A grant funded by the Kentucky General Assembly was awarded to the Barren River District Health Department to provide colon screens via fecal immunochemical test (FIT) and colonoscopies to indigent patients. The Medical Center agreed to provide outpatient use of the hospital facilities for colonoscopies at the variable cost. If tumor(s) or poly(s) are found, The Medical Center will also provide use of the facility and equipment for removal and pathology. The services are performed according to American Medical Association guidelines and include the colonoscopy and lab work prior to procedure. Gastroenterologists, anesthesiologists and many other departments of The Medical Center work with the Barren River District Health Department to provide this service.
To be eligible for the screening, participants must meet certain criteria including: annual household income less than 250 percent of the Federal Poverty Level; no insurance coverage for colon cancer screenings (note: high deductible or out of pocket is not considered "no insurance coverage"); not eligible for Medicaid or Medicare; age 50-65 for people at average risk (age 45-65 for African Americans because of increased risk or age 18-49 if high risk); meets screening guidelines; US citizen or qualified alien; and, a resident of Kentucky.
The American Cancer Society, Kentucky Cancer Program and The Medical Center Health & Wellness Center collaborated with the Barren River District Health Department to provide outreach and education to the target population.

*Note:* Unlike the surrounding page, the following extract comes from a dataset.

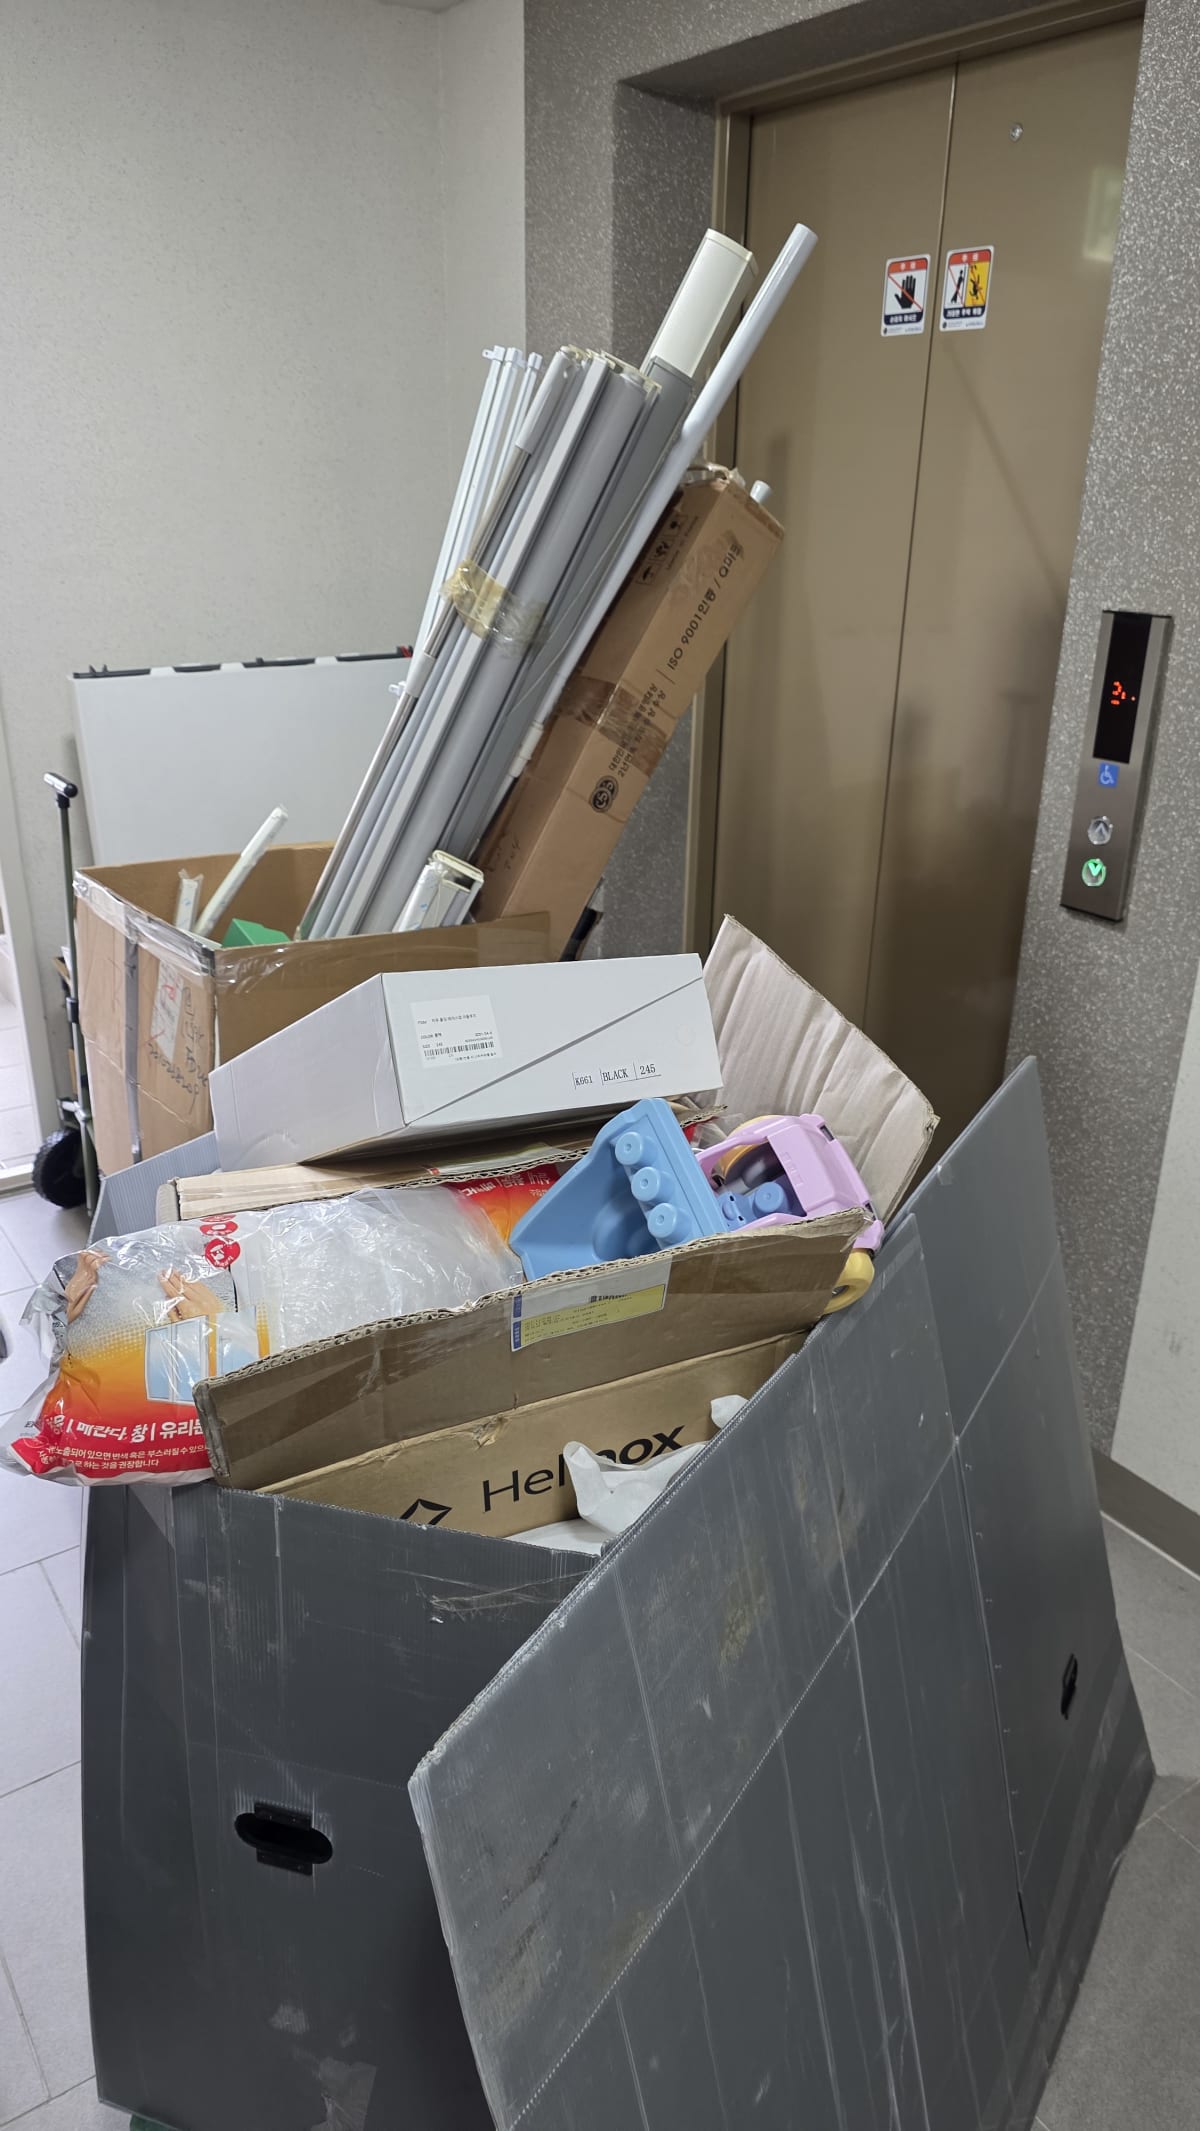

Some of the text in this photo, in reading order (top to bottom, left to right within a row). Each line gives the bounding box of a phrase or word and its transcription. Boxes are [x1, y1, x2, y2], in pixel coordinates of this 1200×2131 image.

If cancer is found, the provider follows protocol to ensure that indigent patients seek follow-up care and treatment as appropriate. The patient navigator works with the provider and patient to explore all potential sources of treatment including hospital indigent care, physician donated care, and/or non-profit and charitable organizations that assist with patient care and treatment services.

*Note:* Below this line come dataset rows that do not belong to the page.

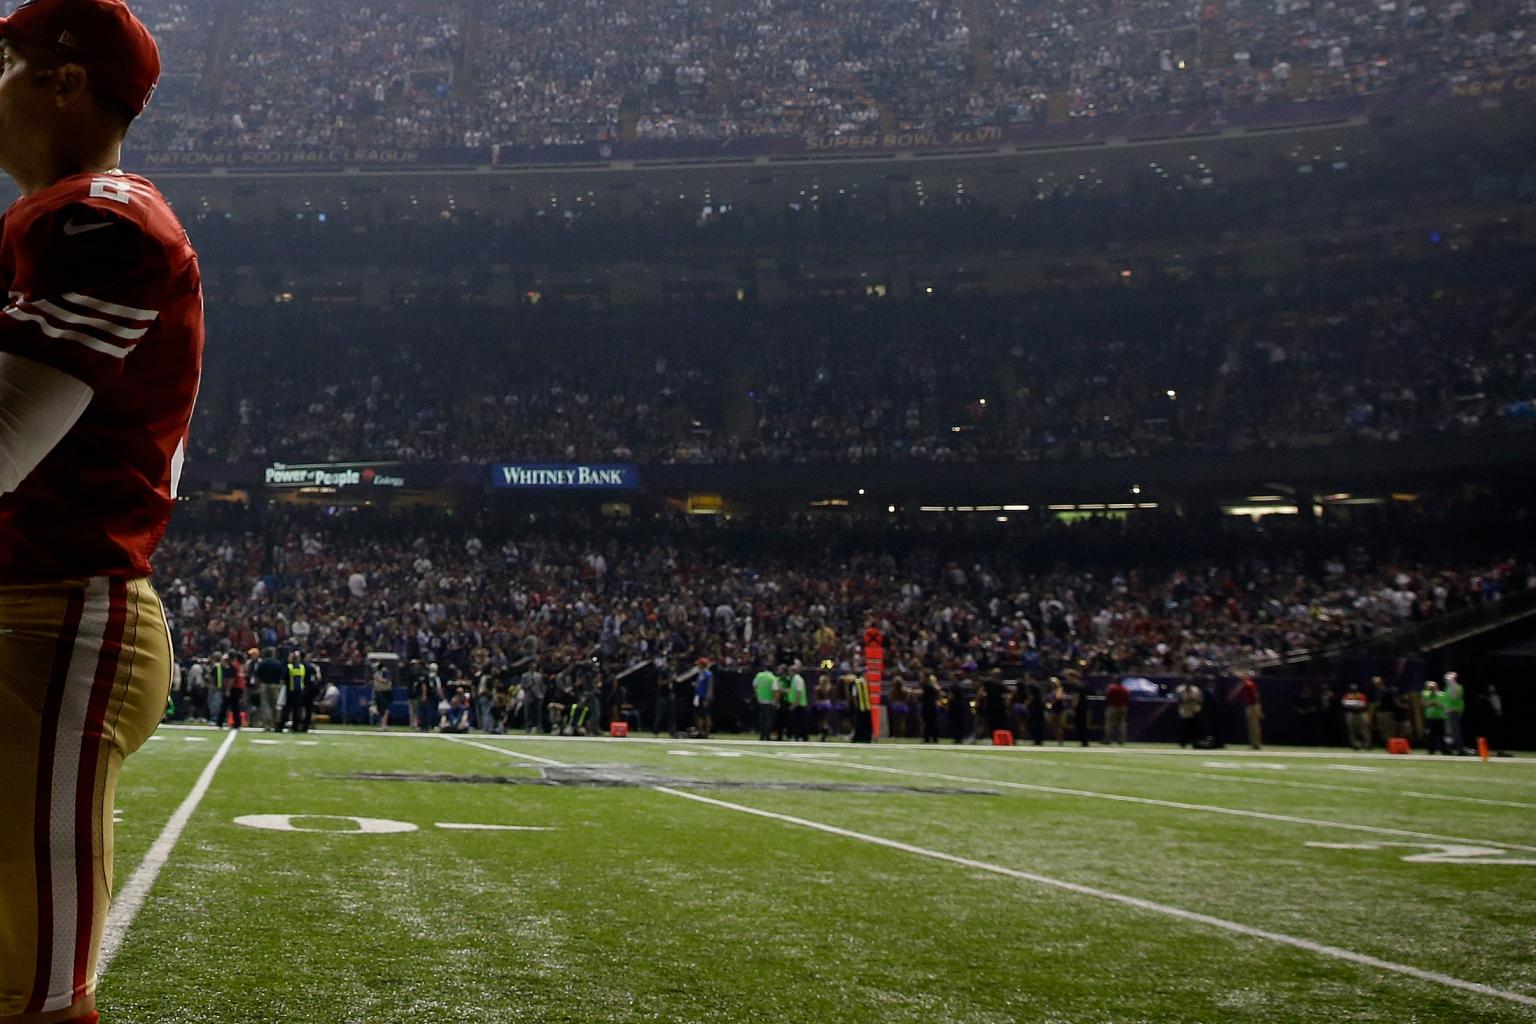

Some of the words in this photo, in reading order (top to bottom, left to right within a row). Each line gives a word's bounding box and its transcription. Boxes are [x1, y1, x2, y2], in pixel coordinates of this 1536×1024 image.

[805, 134, 877, 150] SUPER
[882, 132, 944, 147] BOWL
[949, 127, 1003, 145] XLVII
[144, 150, 234, 164] NATIONAL
[241, 150, 336, 164] FOOTBALL
[343, 149, 418, 163] LEAGUE
[265, 467, 308, 484] Power
[314, 469, 361, 488] People
[502, 466, 577, 485] WHITNEY
[577, 466, 623, 485] BANK
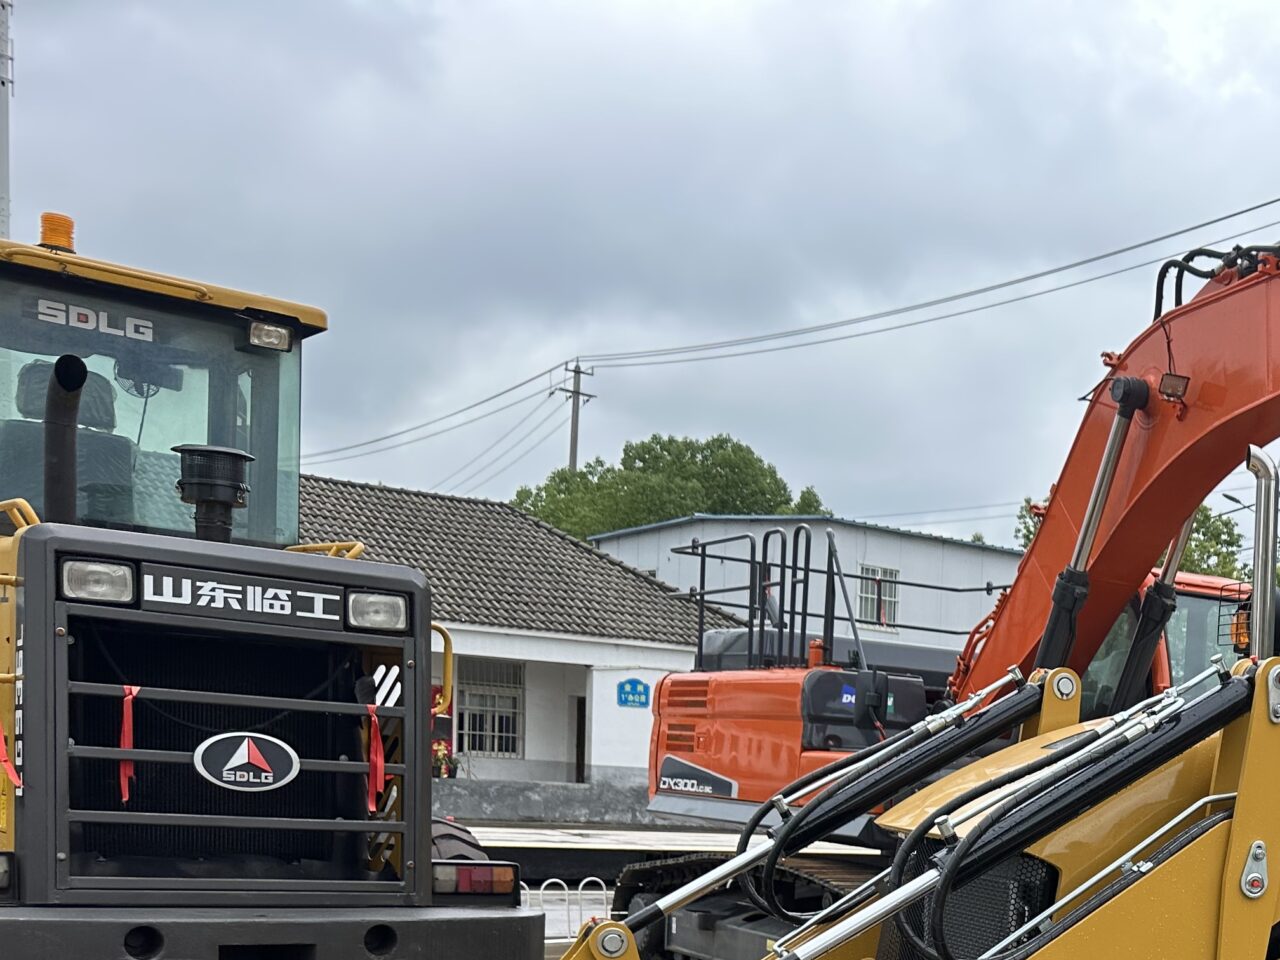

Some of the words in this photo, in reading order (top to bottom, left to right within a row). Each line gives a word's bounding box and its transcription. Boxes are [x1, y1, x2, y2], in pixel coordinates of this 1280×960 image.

The goal was set to reach 469 patients, including FIT screenings and colonoscopies as appropriate, by June 30, 2014 and outreach to counties in the Barren River District with the greatest need – Hart, Warren, Barren, Metcalfe, Logan, Edmonson, Butler and Simpson.
In 2013, 260 referrals were made. Of those, 29 have completed a FIT, 59 have completed a colonoscopy. Fifty-nine individuals were not eligible for the program because they did not meet eligibility guidelines and 50 dropped out for various reasons. The remaining 63 referrals were in progress at year end.